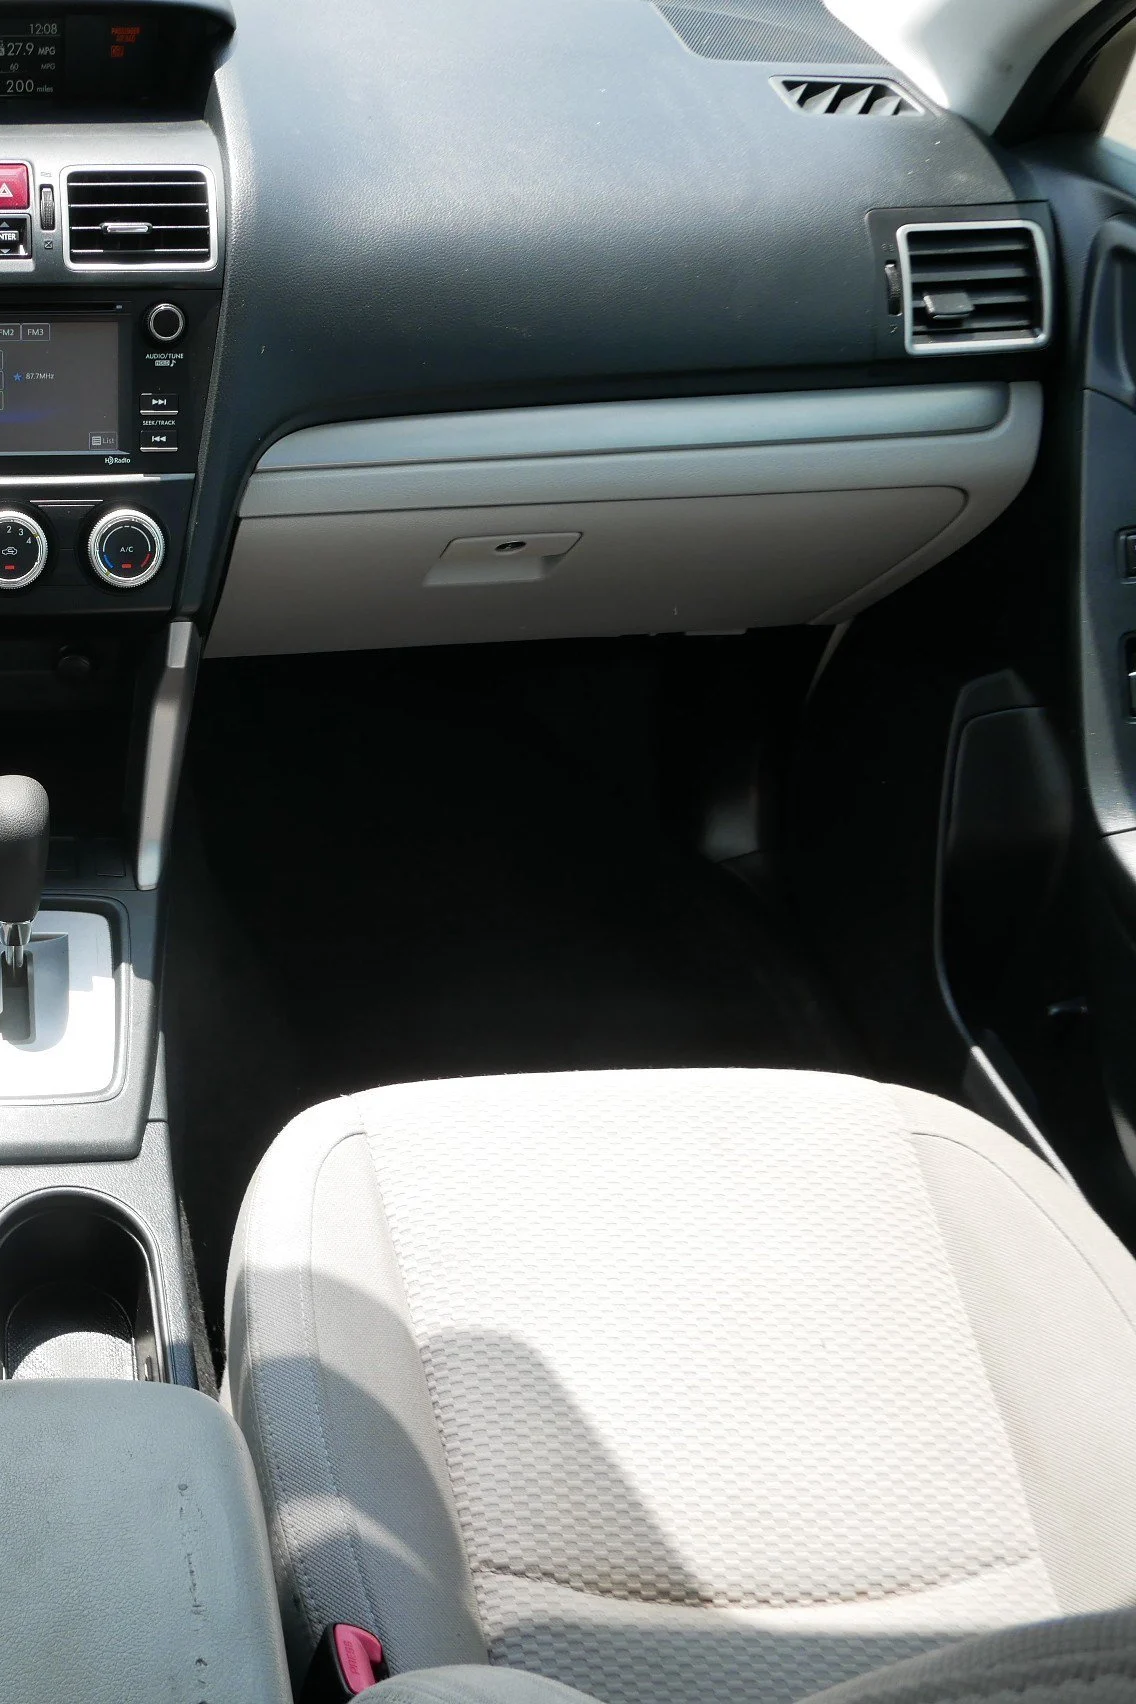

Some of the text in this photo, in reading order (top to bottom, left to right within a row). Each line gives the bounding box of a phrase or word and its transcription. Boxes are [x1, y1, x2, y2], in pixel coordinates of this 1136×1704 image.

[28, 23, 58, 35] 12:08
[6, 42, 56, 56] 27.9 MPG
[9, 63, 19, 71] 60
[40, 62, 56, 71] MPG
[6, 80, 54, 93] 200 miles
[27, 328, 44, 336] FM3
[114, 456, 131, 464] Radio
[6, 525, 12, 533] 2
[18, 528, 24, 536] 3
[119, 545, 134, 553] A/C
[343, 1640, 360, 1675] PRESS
----
▸ **What needs to be done**
Omit the pictures and give the material again, exactly and in full.

▸ **Written solution**
Some of the text in this photo, in reading order (top to bottom, left to right within a row). Each line gives the bounding box of a phrase or word and its transcription. Boxes are [x1, y1, x2, y2], in pixel coordinates of this 1136×1704 image.

[28, 23, 58, 35] 12:08
[6, 42, 56, 56] 27.9 MPG
[9, 63, 19, 71] 60
[40, 62, 56, 71] MPG
[6, 80, 54, 93] 200 miles
[27, 328, 44, 336] FM3
[114, 456, 131, 464] Radio
[6, 525, 12, 533] 2
[18, 528, 24, 536] 3
[119, 545, 134, 553] A/C
[343, 1640, 360, 1675] PRESS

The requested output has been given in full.